Page MenuHomePhabricator

Investigate NOINDEXing CopyPatrol
Closed, ResolvedPublic

Description

Requested here.

I was surprised to find the CopyPatrol pages are not NOINDEXed. Google searching usernames such as "Natstaropoli" and "RMGroup17" revealed this fact. I would appreciate it if this page did not appear in Google search results, as it could become a target for vandalism.

Event Timeline

Niharika created this task.
Restricted Application added a subscriber: Aklapper. · View Herald Transcript

I blocked Googlebot and the usual other web crawlers in the lighttpd configuration:

$HTTP["useragent"] =~ "(uCrawler|Baiduspider|CCBot|scrapy\.org|kinshoobot|YisouSpider|Sogou web spider|yandex\.com/bots|twitterbot|TweetmemeBot|SeznamBot|datasift\.com/bot|Googlebot|Yahoo! Slurp|Python-urllib|BehloolBot|MJ12bot)" {
  url.access-deny = ( "" )
}

That should work. In the past I haven't had much luck with crawlers honouring robots.txt on Toolforge, even Googlebot.
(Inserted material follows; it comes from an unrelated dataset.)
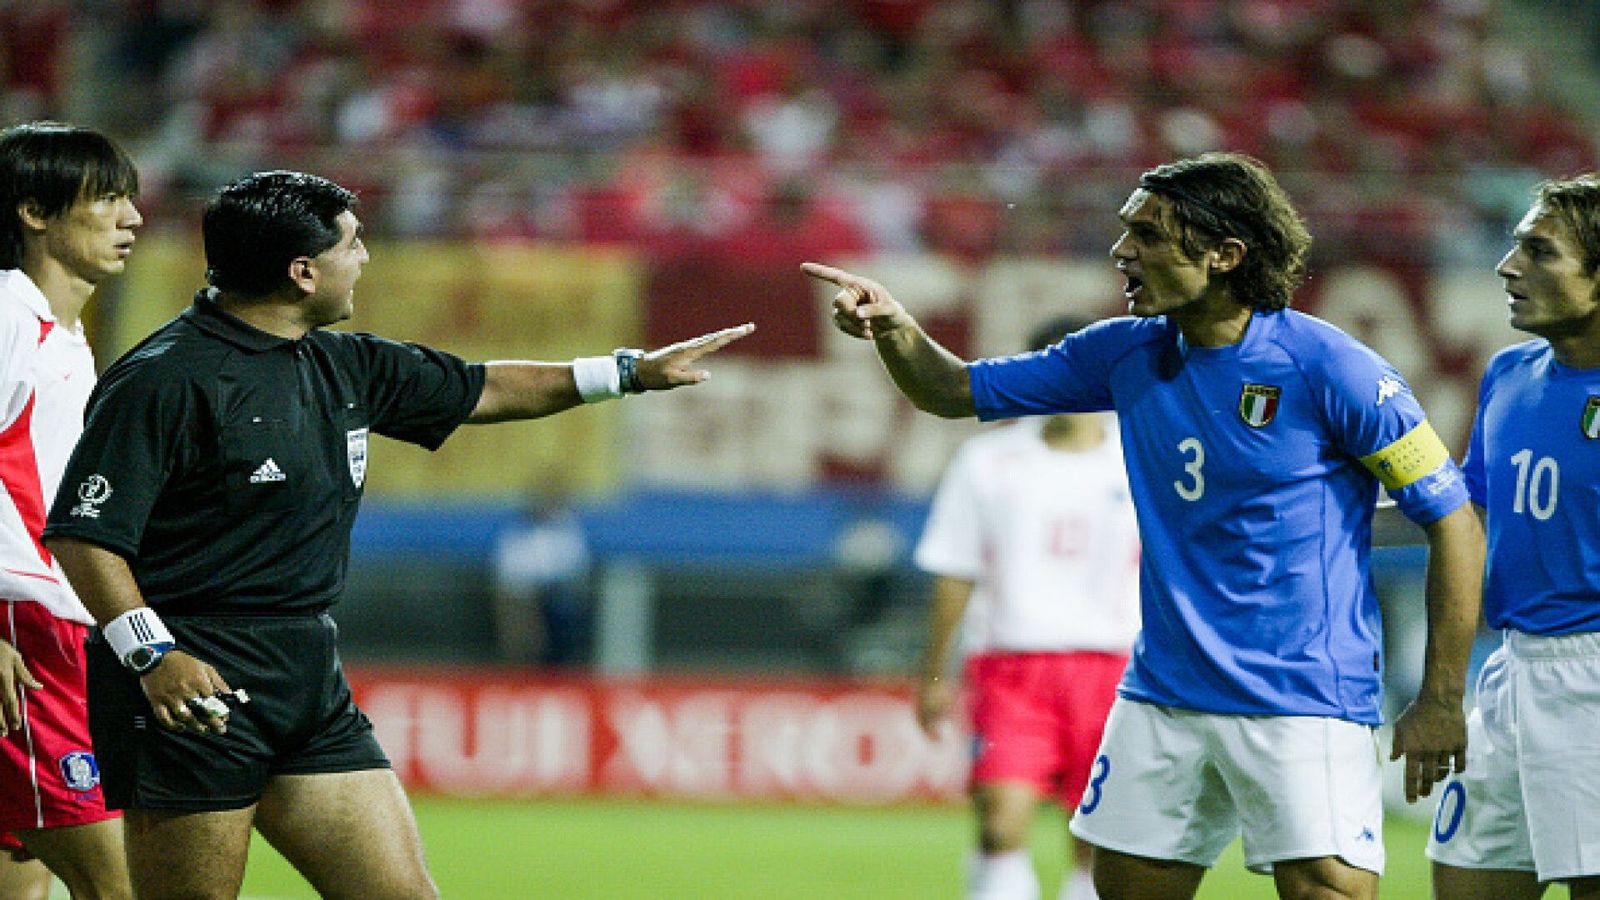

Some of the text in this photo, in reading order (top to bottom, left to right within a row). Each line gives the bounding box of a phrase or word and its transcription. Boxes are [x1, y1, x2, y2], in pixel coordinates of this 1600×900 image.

[1174, 437, 1205, 502] 3
[1510, 448, 1559, 521] 10
[1080, 754, 1111, 815] 3
I blocked Googlebot and the usual other web crawlers in the lighttpd configuration:

$HTTP["useragent"] =~ "(uCrawler|Baiduspider|CCBot|scrapy\.org|kinshoobot|YisouSpider|Sogou web spider|yandex\.com/bots|twitterbot|TweetmemeBot|SeznamBot|datasift\.com/bot|Googlebot|Yahoo! Slurp|Python-urllib|BehloolBot|MJ12bot)" {
  url.access-deny = ( "" )
}

Awesome! Thanks!

That should work. In the past I haven't had much luck with crawlers honouring robots.txt on Toolforge, even Googlebot.

That sucks. :/ Let's see how this goes.

Is there an API for this tool or a CLI client? If so, would blocking Python-urllib cause a problem for them?

No API or CLI client. Python-urllib should normally be OK but with XTools we saw abuse. I just copied the things we were blocking there.

Oh, cool that we already had a set of bad actors. Thanks!

Niharika claimed this task.
Niharika moved this task from Backlog to Done on the CopyPatrol board.

Can't find any bot directive in the header of the page https://tools.wmflabs.org/copypatrol/fr. Perhaps adding a noindex tag can be useful ?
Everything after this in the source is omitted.